A UC Irvine study on cell growth in the adult brain may provide important clues to the potential use of stem cells in the treatment of memory-related diseases such as Alzheimer's.

The study shows for the first time how newborn neurons in the adult brain grow and integrate into the area involved with learning and memory. The findings may prove significant because these new neurons begin in a primitive state similar to stem cells, and understanding how they mature may help stem cell research into neurological diseases.

Study results will appear in the March 12 issue (volume 1000, issues 1-2) of the journal Brain Research, a special commemorative issue in observance of its 1,000th published volume.

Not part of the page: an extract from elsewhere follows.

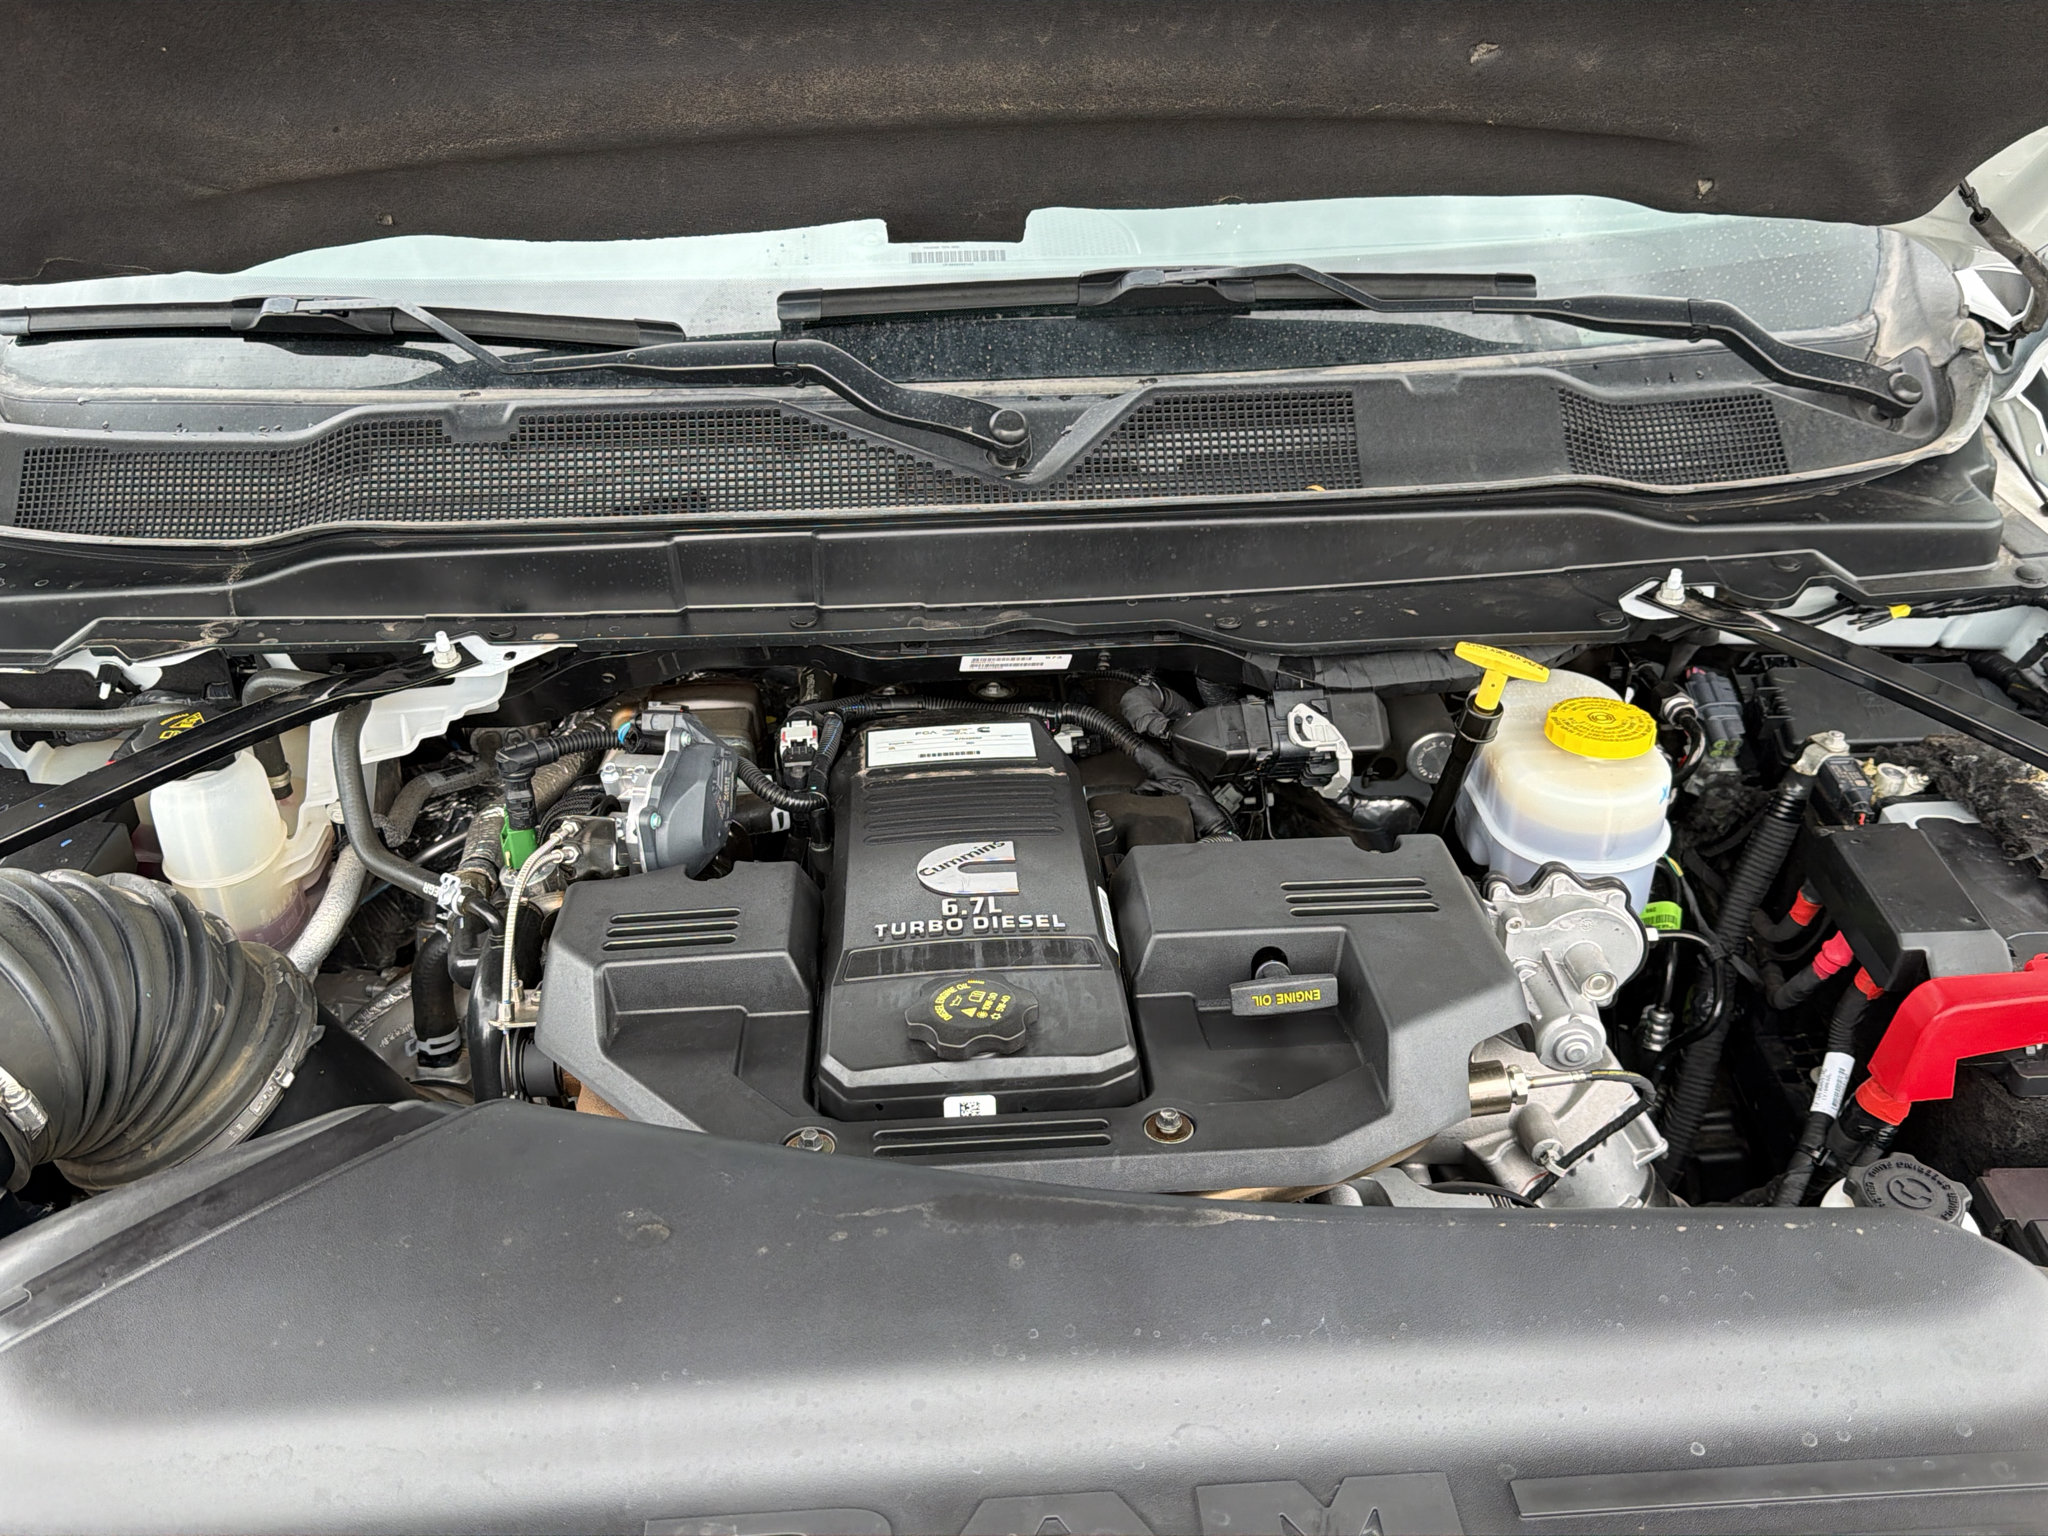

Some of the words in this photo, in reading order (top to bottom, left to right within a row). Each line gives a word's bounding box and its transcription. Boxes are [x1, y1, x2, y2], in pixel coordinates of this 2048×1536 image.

While examining how new neural cells mature in the hippocampus, the area of the brain associated with learning and memory, Charles E. Ribak, professor of anatomy and neurobiology, found that new neurons in the adult brain grow neural signaling appendages in a similar way to those found in developing brains. "The process begins with undifferentiated cells, which are cells that have no appendages, such as dendrites and axons," Ribak said. "Because stem cells also are undifferentiated, they may have the potential to grow and mature into new neurons in a similar manner."

Ribak's study was done on rats. He and his colleagues studied newborn neurons to determine when synapses form, which is the point when they become a functional part of the brain's neural circuitry. Matthew J. Korn and Zhiyin Shan of UCI and Andre Obenaus of Loma Linda University assisted in the study, which was supported by the National Institutes of Health.